Paradoks Penerapan UU Perlindugan Guru

Komponen utama dari perlindungan hukum yang diberikan kepada guru berdasarkan Undang-Undang No. 14 tahun 2005 mencakup berbagai bentuk perlindungan hak dan tanggung jawab profesional mereka. Undang-undang ini bertujuan untuk memastikan bahwa pendidik dapat melakukan tugasnya tanpa takut akan kriminalisasi atau tekanan yang tidak semestinya. Tidak hanya itu, undang-undang ini juga mengatur tentang hak atas keselamatan fisik dan mental. Perlindungan hukum yang ditetapkan dalam undang-undang ini meliputi perlindungan profesional, guru berhak atas perlindungan hukum dalam menjalankan peran mereka dalam pendidikan.

Namun, fakta di lapangan justru sebaliknya. Guru masih sangat rentan untuk dikriminalisasi saat menjalankan pekerjaannya. Seperti yang dialami Sambudi, guru SMP Raden Rahmat, Sidoarjo, pada 2016. Ia dilaporkan ke polisi karena mencubit muridnya yang tidak melaksanakan solat. Meskipun tindakan tersebut dilakukan dalam konteks mendidik, tanpa niat untuk menyakiti, laporan ini menyorot kerentanan kriminalisasi terhadap guru meskipun UU No. 14 Tahun 2005 menjamin perlindungannya. Hal ini menunjukkan adanya ketidaksesuaian antara praktik perlindungan hukum dan realita di lapangan.

Selain itu, undang-undang ini juga mengatur keselamatan dan kesehatan pekerjaan. Aturan ini mengamanatkan bahwa lembaga pendidikan menyediakan lingkungan kerja yang aman dan memastikan kesehatan fisik dan mental guru. Namun sebaliknya, dunia pendidikan yang seharusnya menjadi tempat yang aman dan nyaman untuk proses belajar dan mengajar justru masih penuh kekerasan. Kejadian ini menimpa Zaharman, guru di SMAN 7 Rejang Lebong, pada 2023. Ia mengalami kebutaan permanen setelah dianiaya oleh orang tua murid. Kasus ini menjadi salah satu contoh nyata betapa guru rentan terhadap kekerasan, meskipun hukum telah menjamin perlindungan terhadap keselamatan mereka.

Baca juga:

Selain 2 kasus di atas, kasus lain yang membuktikan kerentanan guru adalah kasus yang menimpa Khusnul Khotimah, guru SD Plus Darul Ulum di Jombang. Pada Februari 2024, Khusnul Khotimah dilaporkan ke polisi atas tuduhan kelalaian yang menyebabkan salah satu muridnya terluka.

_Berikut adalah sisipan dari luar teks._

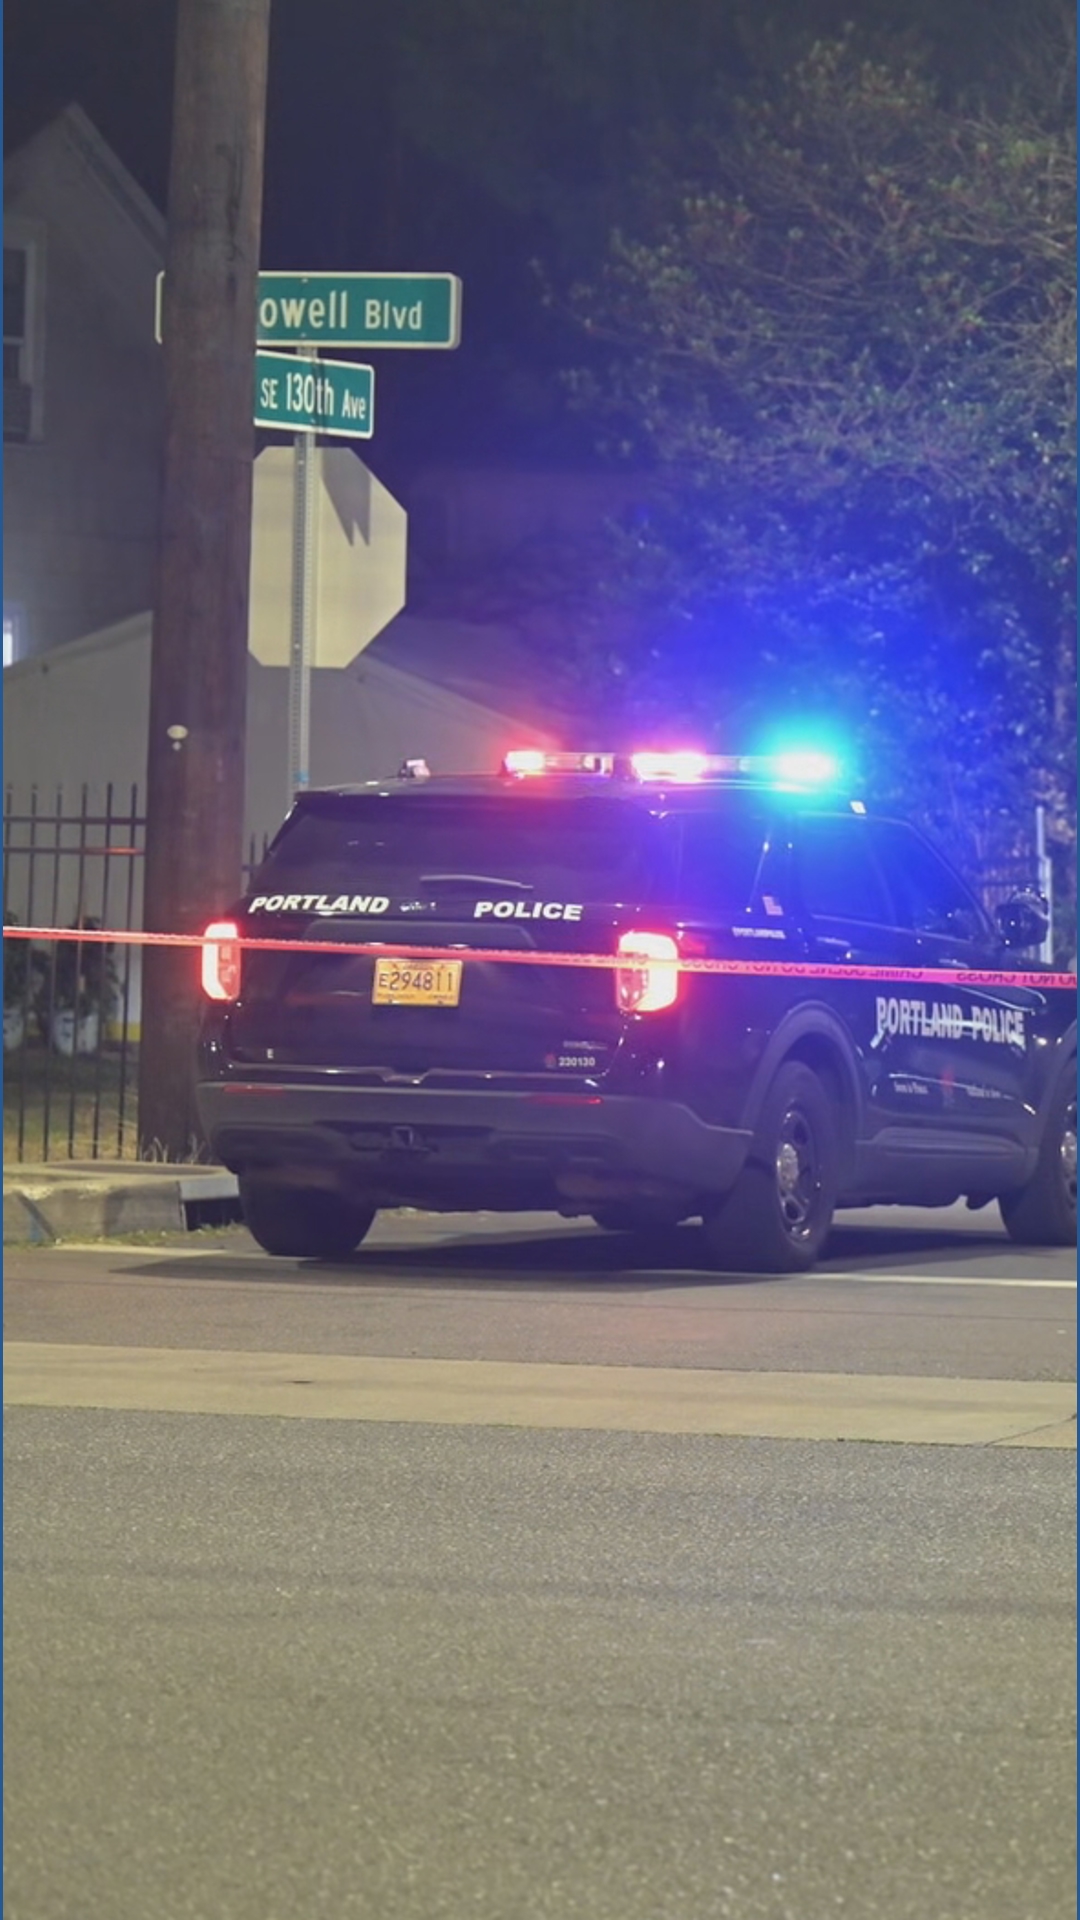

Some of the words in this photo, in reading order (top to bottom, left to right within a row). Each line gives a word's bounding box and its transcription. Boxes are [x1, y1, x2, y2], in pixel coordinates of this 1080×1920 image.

[259, 290, 347, 329] owell
[365, 299, 422, 330] Blvd
[260, 378, 279, 410] SE
[286, 372, 334, 416] 130th
[342, 389, 366, 419] Ave
[248, 895, 389, 914] PORTLAND
[474, 901, 583, 921] POLICE
[379, 971, 453, 992] E294811
[876, 997, 963, 1039] PORTLAND
[971, 1005, 1026, 1047] POLICE

Meski tuduhan tersebut masih dalam proses hukum, peristiwa ini menambah panjang daftar kasus yang menunjukkan bahwa keselamatan kerja bagi guru masih sangat rentan.

Tantangan yang Dihadapi Guru

Studi yang dilakukan oleh Amalia & Ufarioh (2022) yang berjudul “Kebijakan Perlindungan Profesi Guru terhadap Tindak Krimilitas” menyatakan guru menghadapi berbagai tantangan yang kompleks dalam peran profesional mereka, terutama dalam konteks mempertahankan disiplin dan memastikan lingkungan belajar yang aman. Studi ini menyoroti beberapa aspek kunci dari tantangan ini.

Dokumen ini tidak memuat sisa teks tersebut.